The eight women didn’t immediately charge. They were too experienced for that, too practiced in the brutal choreography of the ring.
Instead, they continued their slow circle, predatory and patient, letting the anticipation build.
The largest of them, a woman with a shaved head and a scar running from her eyebrow to her jaw, smiled with broken teeth. "Look at this," she called out to her companions, her voice dripping with mockery. "They brought us the Princess. The delicate little rich girl who cried the whole time during the last match."
Laughter rippled through the group of eight with clearly mocking eyes and lips curved menacingly.
"I heard she died," another one added, this one with prison tattoos snaking up both arms. "Guess they scraped her off the floor and threw her back in. How charitable was it?"
"What’s wrong with your eyes, Princess?" a third woman jeered, leaning forward to get a better look at Shuyin’s glowing jade gaze. "Have you been doing drugs in isolation? Or did someone finally beat the human out of you?"
More laughter echoed through the walls. The crowd was eating it up, while leaning forward in their seats.

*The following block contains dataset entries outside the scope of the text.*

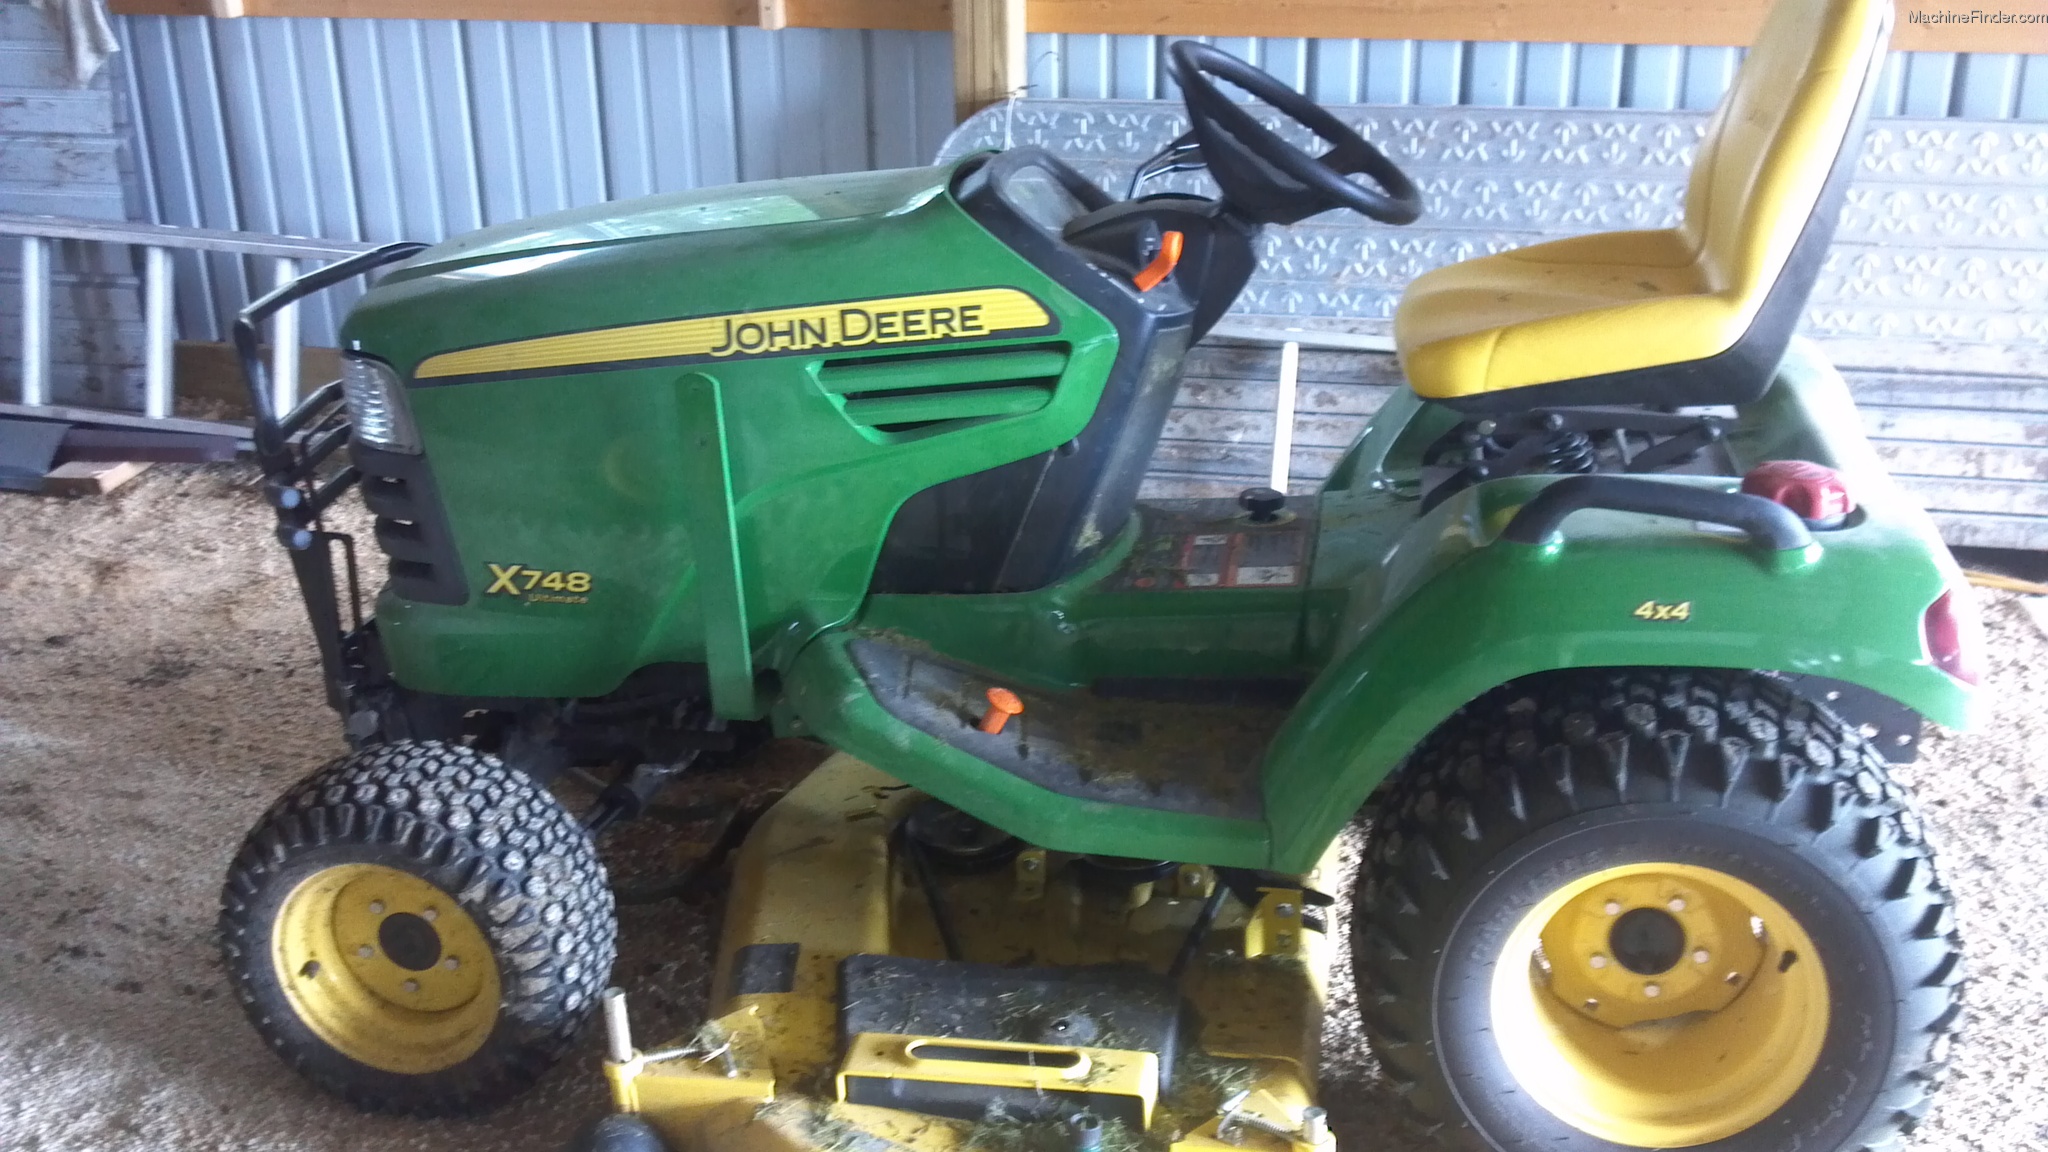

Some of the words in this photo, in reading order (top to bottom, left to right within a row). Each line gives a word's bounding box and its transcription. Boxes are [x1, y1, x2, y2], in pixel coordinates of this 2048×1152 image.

[710, 317, 828, 354] JOHN
[839, 304, 984, 342] DEERE
[486, 563, 592, 595] X748
[1633, 600, 1691, 620] 4x4
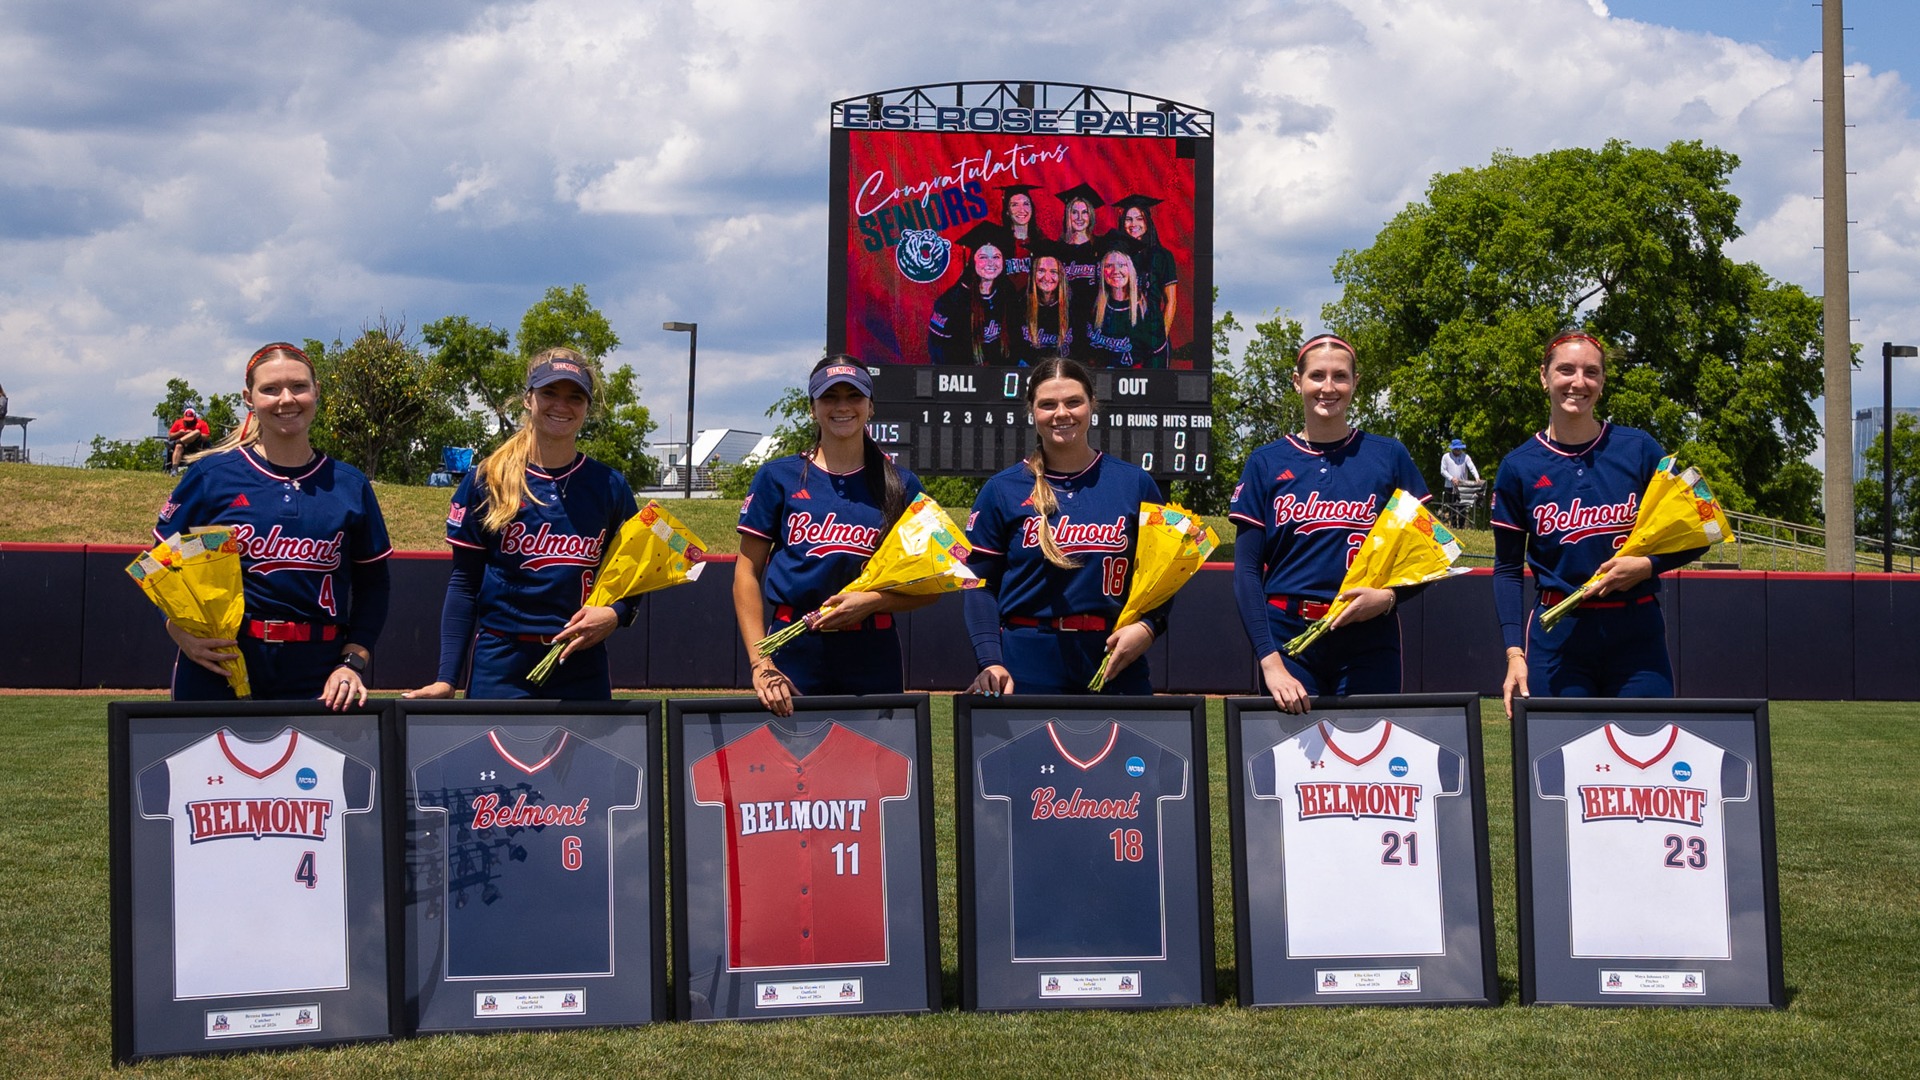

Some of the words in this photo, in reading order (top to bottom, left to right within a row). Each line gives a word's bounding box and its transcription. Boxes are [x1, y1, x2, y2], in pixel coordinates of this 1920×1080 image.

[843, 104, 920, 130] E.S.
[936, 106, 1061, 134] ROSE
[1075, 110, 1202, 137] PARK
[855, 143, 1070, 217] Congratulations
[858, 181, 989, 253] SENIORS
[938, 374, 977, 393] BALL
[1003, 372, 1019, 397] 0
[1118, 377, 1149, 396] OUT
[868, 424, 900, 442] UIS
[922, 410, 929, 423] 1
[943, 410, 951, 424] 2
[964, 411, 972, 424] 3
[985, 411, 993, 425] 4
[1006, 412, 1014, 425] 5
[1091, 413, 1099, 427] 9
[1109, 413, 1123, 427] 10
[1127, 414, 1158, 427] RUNS
[1162, 414, 1187, 428] HITS
[1190, 415, 1212, 428] ERR
[1174, 431, 1186, 450] 0
[1142, 452, 1153, 471] 0
[1174, 453, 1186, 472] 0
[1195, 453, 1206, 472] 0
[1274, 491, 1378, 527] Belmont
[1532, 492, 1640, 536] Belmont
[231, 524, 344, 563] Belmont
[501, 522, 607, 558] Belmont
[787, 511, 880, 548] Belmon
[1022, 515, 1127, 548] Blmont
[1102, 556, 1129, 596] 18
[318, 574, 337, 616] 4
[298, 776, 316, 785] NCAA
[1128, 765, 1145, 773] NCAA
[471, 793, 590, 829] Belmont
[739, 799, 867, 836] BELMONT
[1031, 786, 1141, 820] Belmont
[1295, 781, 1422, 822] BELMONT
[1577, 784, 1708, 828] BELMONT
[186, 797, 334, 845] BELMONT
[562, 835, 583, 871] 6
[831, 842, 860, 875] 11
[1109, 828, 1144, 862] 18
[1381, 830, 1418, 866] 21
[1664, 833, 1708, 870] 23
[295, 851, 317, 889] 4
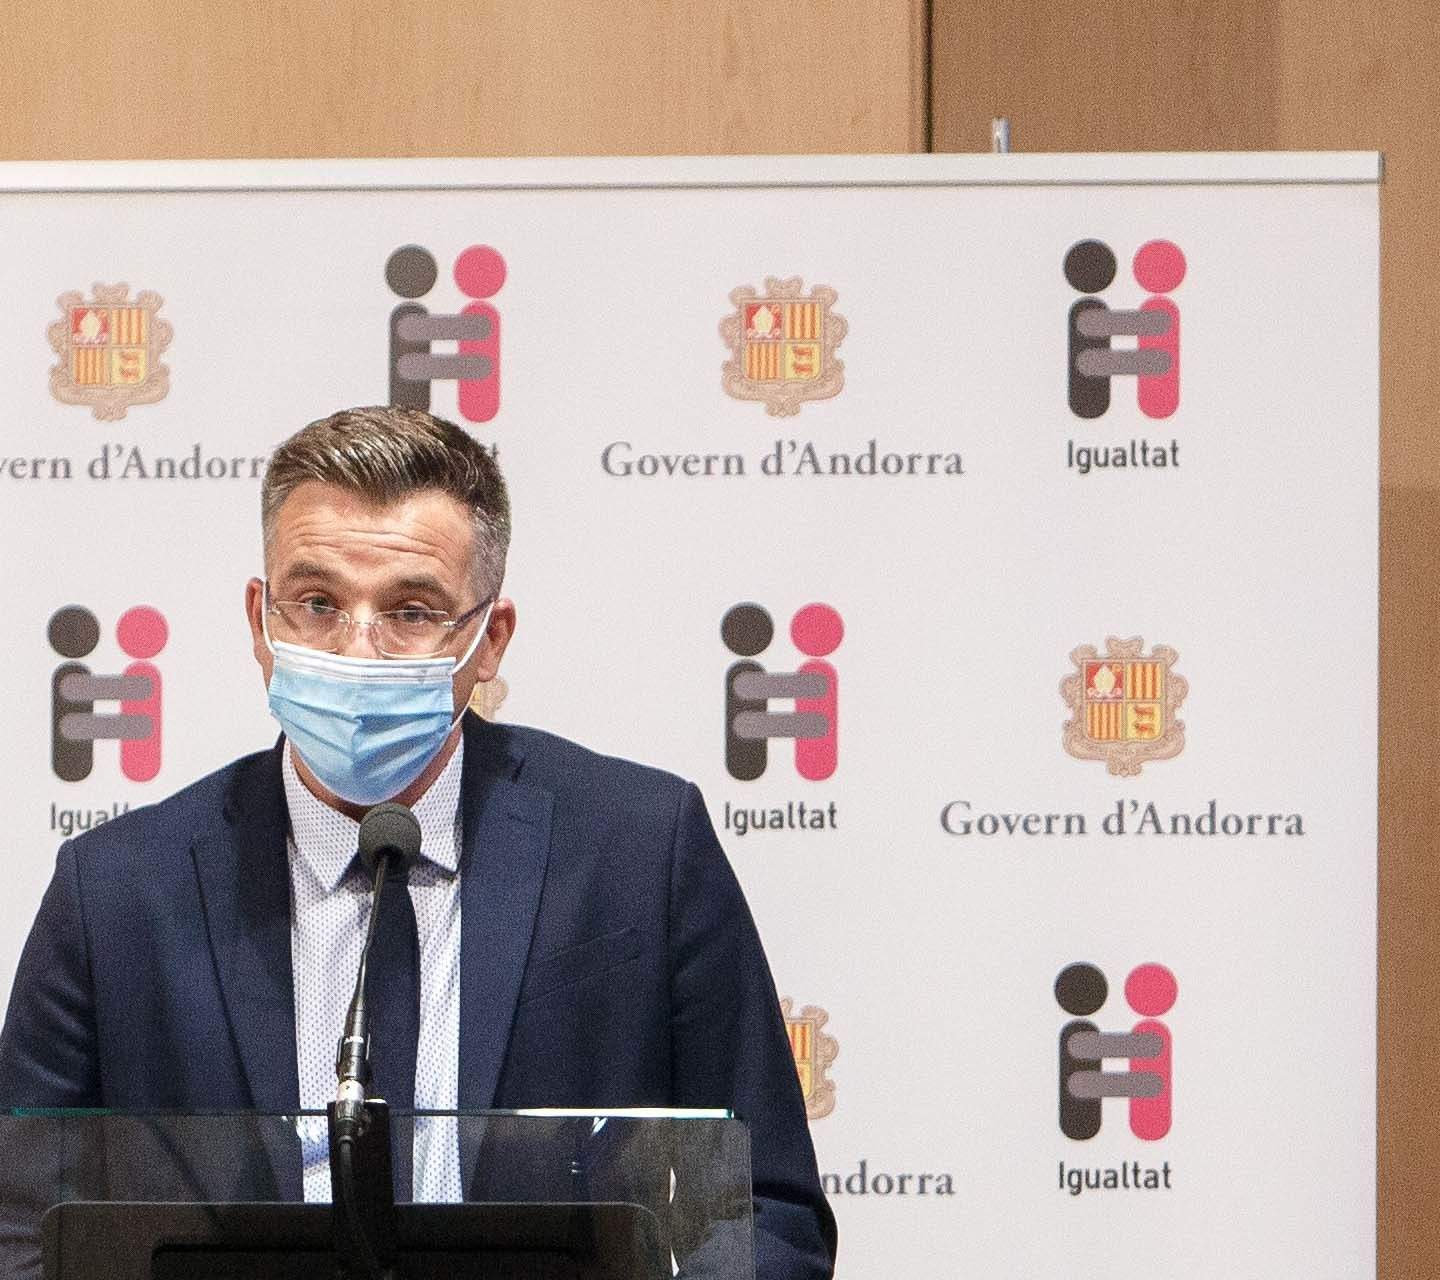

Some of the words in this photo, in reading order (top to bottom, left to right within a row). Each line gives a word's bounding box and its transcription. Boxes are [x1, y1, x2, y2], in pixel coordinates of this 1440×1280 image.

[87, 443, 266, 480] d'Andorr
[600, 441, 746, 477] Govern
[760, 439, 964, 477] d'Andorra
[1066, 440, 1180, 476] Igualtat
[724, 801, 838, 837] Igualtat
[939, 801, 1087, 837] Govern
[1101, 799, 1305, 837] d'Andorra
[820, 1159, 956, 1196] ndorra
[1057, 1160, 1172, 1197] Igualtat

"Four against eight," the scarred woman continued, her voice carrying to the spectators. "And one of them looks like she can barely stand. This is going to be very embarrassing. For them."
"Maybe we should make it quick," Tattoo Arms suggested with false sympathy. "Put the Princess out of her misery before she pisses herself again."
Tank’s massive hands curled into fists, her jaw clenching with barely suppressed rage.
Blade’s breathing had gone controlled and measured, her combat mode, the place she went when violence was inevitable.
Razor’s thin frame was coiled tight as a spring, ready to explode into motion.
They were preparing to fight. Preparing to lose, probably, but determined to take as many of the eight down with them as possible.
Shuyin stood at the center of their protective triangle, her glowing eye tracking each of the eight women with that same cold, analytical precision.
They thought she was weak.
They thought she was prey.
They actually had no idea of who she was!
Her mind reached out, invisible and silent, touching the consciousness of each of the eight opponents. Not enough to kill, that would be too obvious, too suspicious after what had happened to Guard Chen. But just enough to... disrupt.
It was like touching the surface of still water, sending ripples through their awareness. Nothing too dramatic and nothing they would consciously notice.
Just a slight degradation of their depth perception. A minor delay in their reaction time. A subtle distortion in their balance and spatial awareness.